Time has come; the snow is gone; basketball season is nearly half over and the call of “play ball” is ringing throughout the valley. The National Pastime is alive and well in the St. Croix Valley as it has been for nearly a century and a half. This year, like all years, we root for the local teams to win and hope to see our major league team in the World Series.
Baseball in Stillwater has seen its joy and sadness. Many clubs were sponsored by local businesses and played other clubs in Washington County and the Twin Cities.

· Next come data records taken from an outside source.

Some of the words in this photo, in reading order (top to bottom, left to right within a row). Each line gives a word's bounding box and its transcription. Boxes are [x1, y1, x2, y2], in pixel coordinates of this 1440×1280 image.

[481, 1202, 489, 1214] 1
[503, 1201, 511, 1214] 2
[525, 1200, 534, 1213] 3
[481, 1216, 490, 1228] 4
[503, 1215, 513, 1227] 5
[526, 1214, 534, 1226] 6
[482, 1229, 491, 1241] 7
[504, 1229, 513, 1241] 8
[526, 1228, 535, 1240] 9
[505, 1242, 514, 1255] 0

The Simonet Baseball Club was sponsored by the Simonet Furniture Company. In the April 8, 1911, Stillwater Messenger there was a notice about the club. It said that “an exclusively Stillwater aggregation of ball players will amuse the fans of this neighborhood just as soon as the weather permits. New suits have been ordered, the grounds and grand stand will be improved and a harmonious and successful season for the club is anticipated.”

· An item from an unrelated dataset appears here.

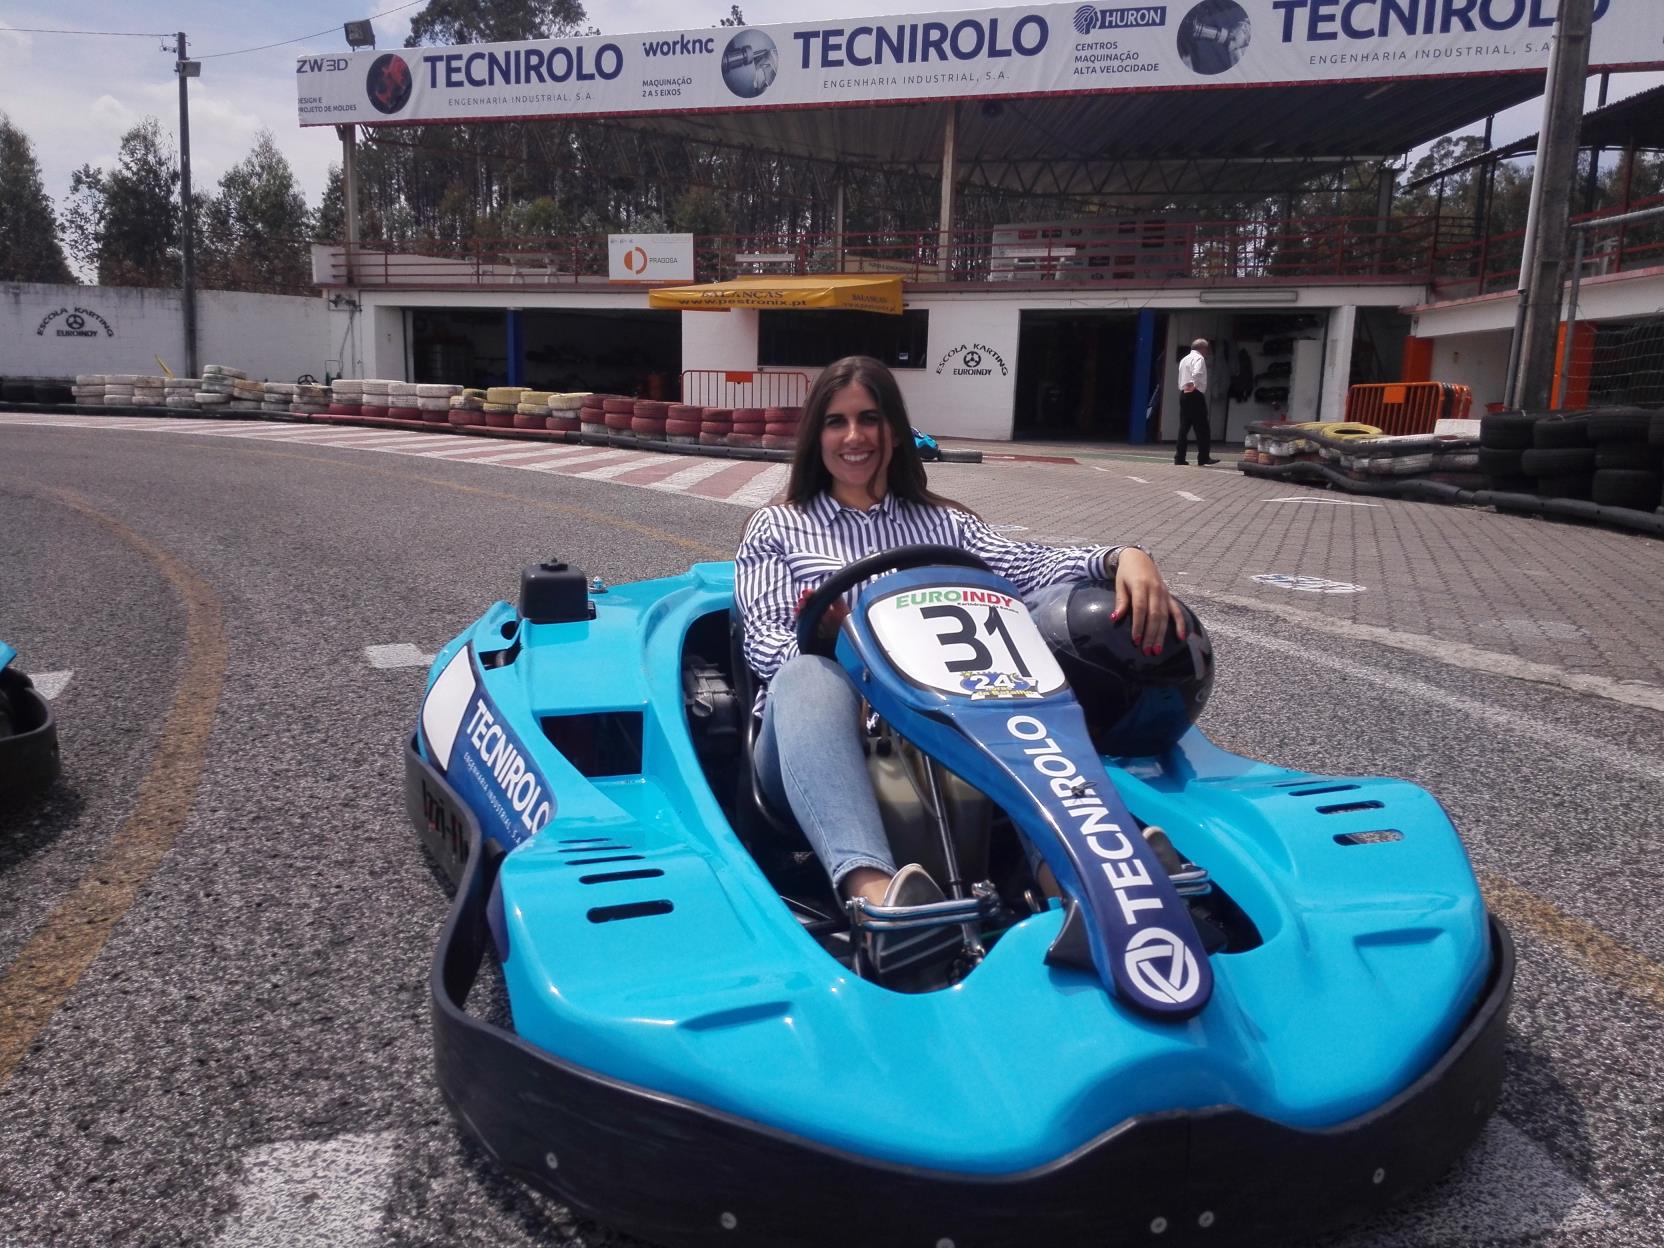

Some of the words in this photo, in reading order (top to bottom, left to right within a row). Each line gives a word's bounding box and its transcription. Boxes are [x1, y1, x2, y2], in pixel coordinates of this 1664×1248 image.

According to the Stillwater Gazette, the Simonets uniforms had been ordered and were to be “of pear gray with maroon trimmings. The stockings will be gray and red, the caps gray with red stripes. The uniform is of the Philadelphia style.”
The players for the club were Thomas Quinehan, Link Swanman and Ted Quincy, pitchers; Ralph Borrowman and Henry Zorn, catchers; Emmet Nolan, Adolph Boo, Charles Hoy, Dreschler, Quincy and John Allen, infielders; L.A. Backe, John Brickley, Ernest Forceia and E. Berglund, outfielders. Ralph Borrowman was elected captain of the team and Thomas W. Welch was the manager.
By mid April the Simonets were hard at practice and more than 100 spectators turned out just to watch the team go through their drills. Joseph Eichten had a chance to catch on with the club as a pitcher, and as he had played the previous couple of years with the Wanda club, he was a welcomed addition to the team.
The Stillwater Gazette pointed out that the Simonets “are not a hired team. There are no salary men in the squad. Each man is financially interested in the sport and will work his best to make the season a success. Manager Welch does not intend to hire any outside player. He believes Stillwater players are among the best of amateurs and the club secured is able to cope with the best of the independent teams in the Twin City and surrounding country.”
The Simonets first match came on Sunday, April 23, 1911. The home diamond had been rolled and was in fine shape and the grand stand had a new roof put on and the entire park was much improved.
There was a large crowd at the home park where the Simonets played the St. Paul Aquilas. According to the papers, the only error made by the local boys was a “sun ball” missed by outfielder Ernest Forceia. “Link” Swanman was on the mound for the Simonets and pitched well, “especially at critical times when he worked the strikeout trick with good effect.” Swanman also had “speed and assortment of curves.” The catcher was team Captain Ralph Borrowman. He had a strong arm behind the plate and with his “perfect throws to second base caught four base stealers and the crowd cheered him.”
In a game against the Majors of Minneapolis in 1912, the Simonet infield made all the put outs, not one out “made by the outer garden men.” The Simonets defeated the Majors that day 9 to 2.
The Simonets went on to win more games than it lost. The team played for several years until World War One took most of the available young men away to Europe. Today there are still clubs that play in the St. Croix Valley and on any given night, a person can hear a crack of a bat [or maybe a “ting” of an aluminum bat] and the crowd cheering.
It’s going to be a great summer of baseball because our team is going to win!
Brent Peterson is the executive director of the Washington County Historical Society.